As Bank of America (BAC) continues to cope with fallout from the housing and mortgage crisis, the financial institution may have to pay some year-end employee bonuses in the form of stock because of a possible cash shortfall related to obligations surrounding its buy-back of stock from the federal government.
The company has generated about $1.9 billion in after-tax earnings from sales of various assets, short of the $3 billion it agreed last December to raise as a condition for repurchasing the Bank of America stock held by the government through the Troubled Asset Relief Program.
"We continue to pursue several potential asset sales that may reduce the remaining amount of additional capital required," Bank of America said in a Nov. 5 filing with the Security and Exchange Commission. "In the event that there is a shortfall, it would be met by issuing equity awards of fully vested common stock to certain associates in lieu of a portion of their 2010 year-end cash incentive awards, which would be transferable by associates as soon as administratively practicable."

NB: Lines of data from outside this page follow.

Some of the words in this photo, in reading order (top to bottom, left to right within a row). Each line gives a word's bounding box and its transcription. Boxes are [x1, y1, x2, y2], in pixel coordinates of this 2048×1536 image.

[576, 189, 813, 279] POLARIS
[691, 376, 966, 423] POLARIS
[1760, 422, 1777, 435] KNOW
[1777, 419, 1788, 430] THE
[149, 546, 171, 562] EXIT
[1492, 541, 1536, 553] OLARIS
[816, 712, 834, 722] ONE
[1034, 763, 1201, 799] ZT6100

Bank of America continues to be affected by the fallout of the mortgage crisis. The company is one of a number of U.S. institutions that said last week that they may incur costs defending lawsuits from investors in their mortgage-backed securities.
Bank of America in particular said it's a defendant in cases alleging that documents relating to more than $375 billion in mortgage-backed securities may have contained misrepresentations and omissions, and failed to meet underwriting standards. Wells Fargo (WFC) and Citigroup (C) said they were defendants in similar lawsuits, and that costs may rise because of the resulting litigation.